Bruins’ lack of firepower further exposed after winless road trip




Boston Bruins

“Our top guys were not the top guys again.”

Boston Bruins right wing David Pastrnak (88), center Pavel Zacha (18) and center Elias Lindholm (28) celebrate after a goal against the Utah Mammoth during the first period of an NHL hockey game Sunday, Oct. 19, 2025, in Salt Lake City.
David Pastrnak scored two goals on Sunday. AP Photo/Melissa Majchrzak

Marco Sturm had seen enough this weekend. 

After another extended stretch on Saturday where the Bruins’ top-six unit was routinely outclassed by the Avalanche’s big guns, Sturm opted to staple two of his top forwards in David Pastrnak and Pavel Zacha to the bench.

Pastrnak did not play the final 7:55 of Boston’s eventual 4-1 loss to Colorado, while Zacha logged just one shift over the last 11 minutes of the loss. 

“Our top guys were not the top guys again,” Sturm said postgame. “If you look at Colorado and our team, well, that’s the difference.”

It’s hard to argue against the bench boss’ musings. While Colorado’s top line of Nathan MacKinnon, Martin Necas, and Artturi Lehkonen generated three of their team’s four goals and peppered Jeremy Swayman with 16 shots, Boston’s top forward trio of Pastrnak, Zacha, and Elias Lindholm generated just one shot on goal. 

“Just didn’t play good enough,” Sturm further elaborated on Sunday evening. “That was the only reason. I said it yesterday, our best players need to be best, and I thought yesterday they weren’t.  Our fourth line, again, they killed a lot of penalties, did all the work. So now we need the big guys to step up, and that was the only reason.”

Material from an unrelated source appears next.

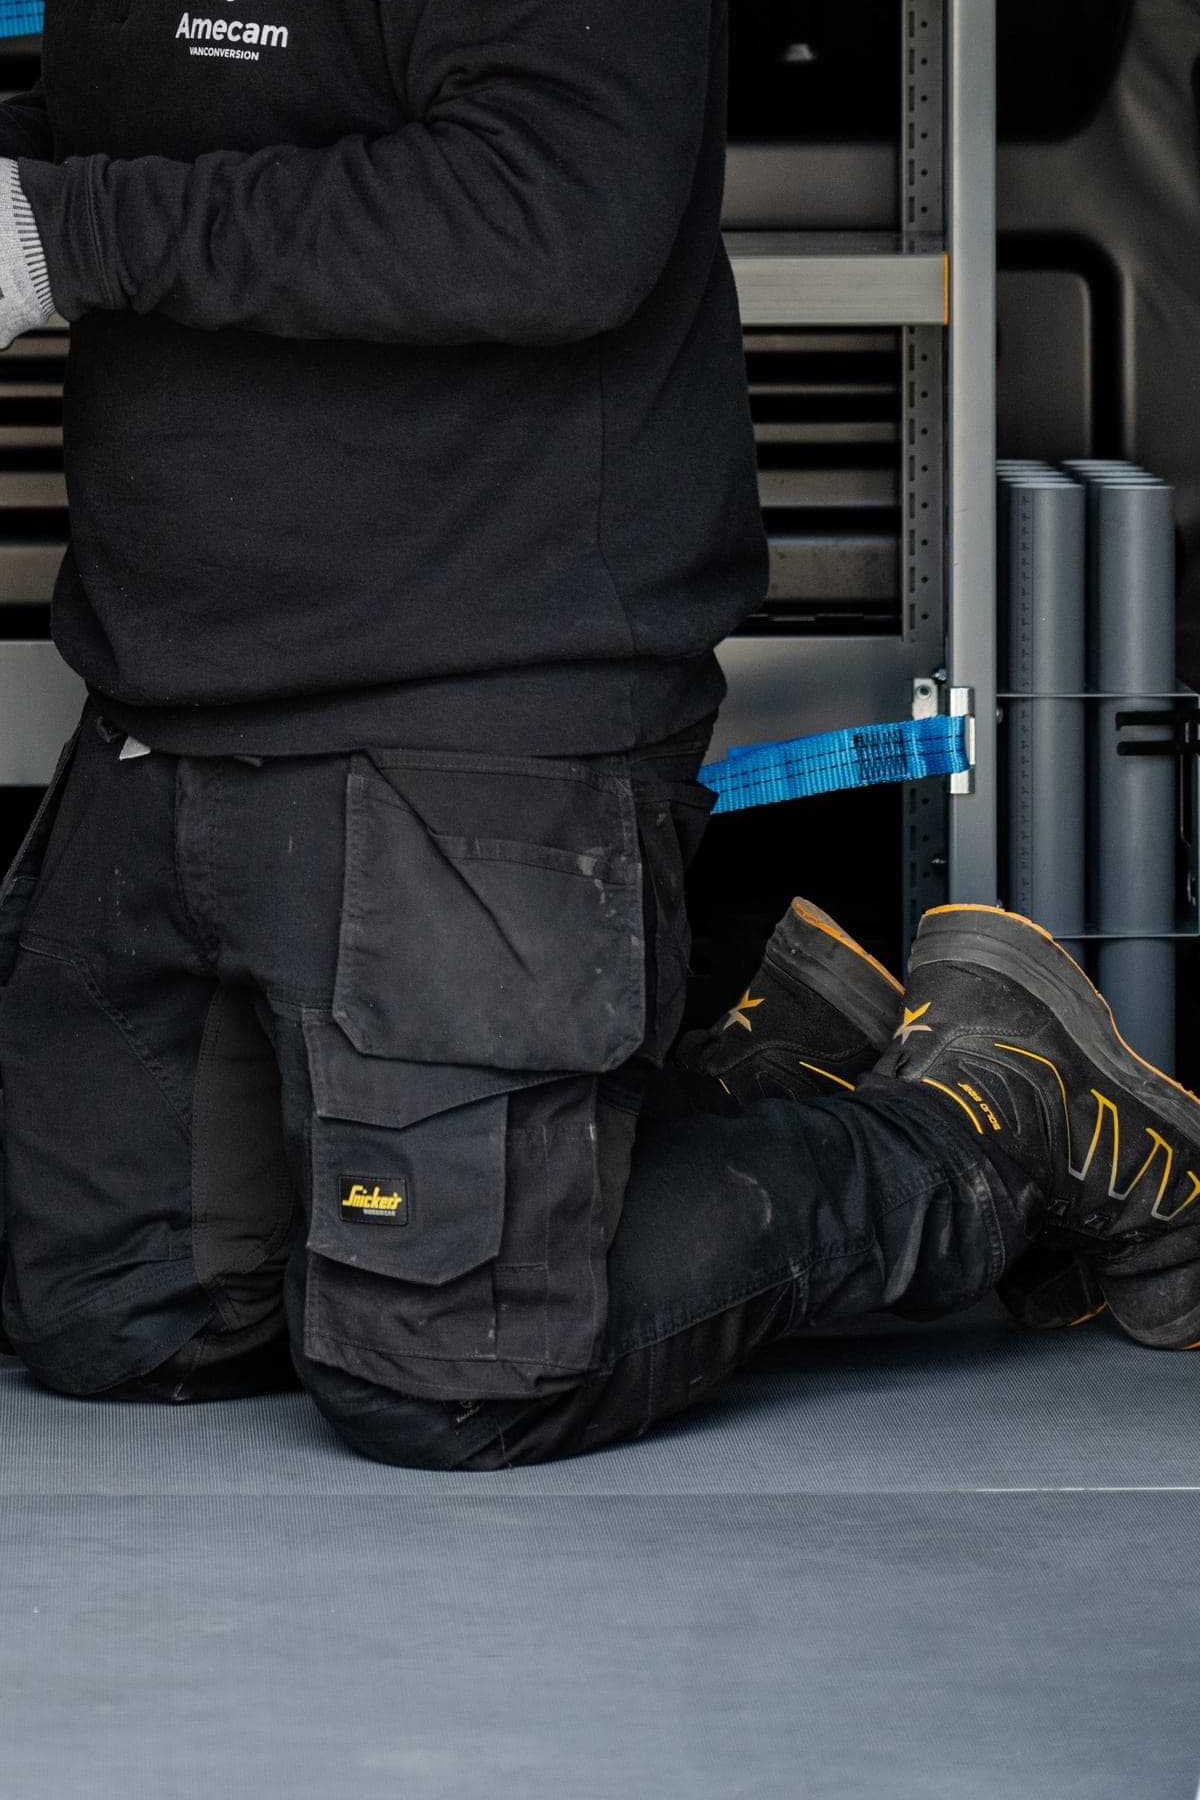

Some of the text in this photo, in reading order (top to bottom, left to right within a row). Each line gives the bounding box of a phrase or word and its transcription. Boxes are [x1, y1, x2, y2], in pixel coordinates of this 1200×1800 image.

[176, 12, 288, 48] Amecam
[189, 46, 259, 61] VANCONVERSION
[342, 1184, 403, 1210] Snickers

Sturm continued to send a message ahead of Sunday’s road bout against the Utah Mammoth. 

Casey Mittelstadt — who opened the year as Boston’s second-line center — was deemed a healthy scratch. 

A key player in Boston’s hopes of generating some semblance of consistent 5-on-5 offense in the middle-six grouping, Mittelstadt didn’t attempt a shot on Saturday against Colorado. 

“I told the guys before, and it’s not just — Casey was okay. Do we need more from him? Yes. But there’s a lot of other guys too, trust me,” Sturm said pregame of the decision to scratch Mittelstadt. 

The good news on Sunday? Pastrnak responded to Sturm’s benching and public challenge.

Boston’s best offensive conduit did his part to help Boston end their three-game trek out West with at least a point in the standings — scoring a pair of goals against the Mammoth. 

But in some respects, Sunday’s showing in Salt Lake City was perhaps the most sobering result of the entire road trip. 

Because, even on a night where Boston’s star player in Pastrank delivered, it wasn’t enough for the Bruins to come away with points on the board.

Once again, a Bruins team that seemingly doesn’t have the horses to consistently generate offense beyond Pastrnak and an overperforming bottom-six unit came up short to Utah, 3-2, en route to a fourth-straight loss and an 0-3 showing on the road trip.

“Tough to comment on it after game like this,” Pastrnak said of breaking through with his pair of goals. “Obviously, I’d rather get a win. It’s nice, but never feels good when you lose.” 

As reassuring as it was for Pastrnak to deliver offensively with a 5-on-5 and power-play tally against the Mammoth, it shouldn’t necessarily come as much of a surprise that a talent who posted 106 points on a cellar-dwelling squad last year was inevitably going to produce. 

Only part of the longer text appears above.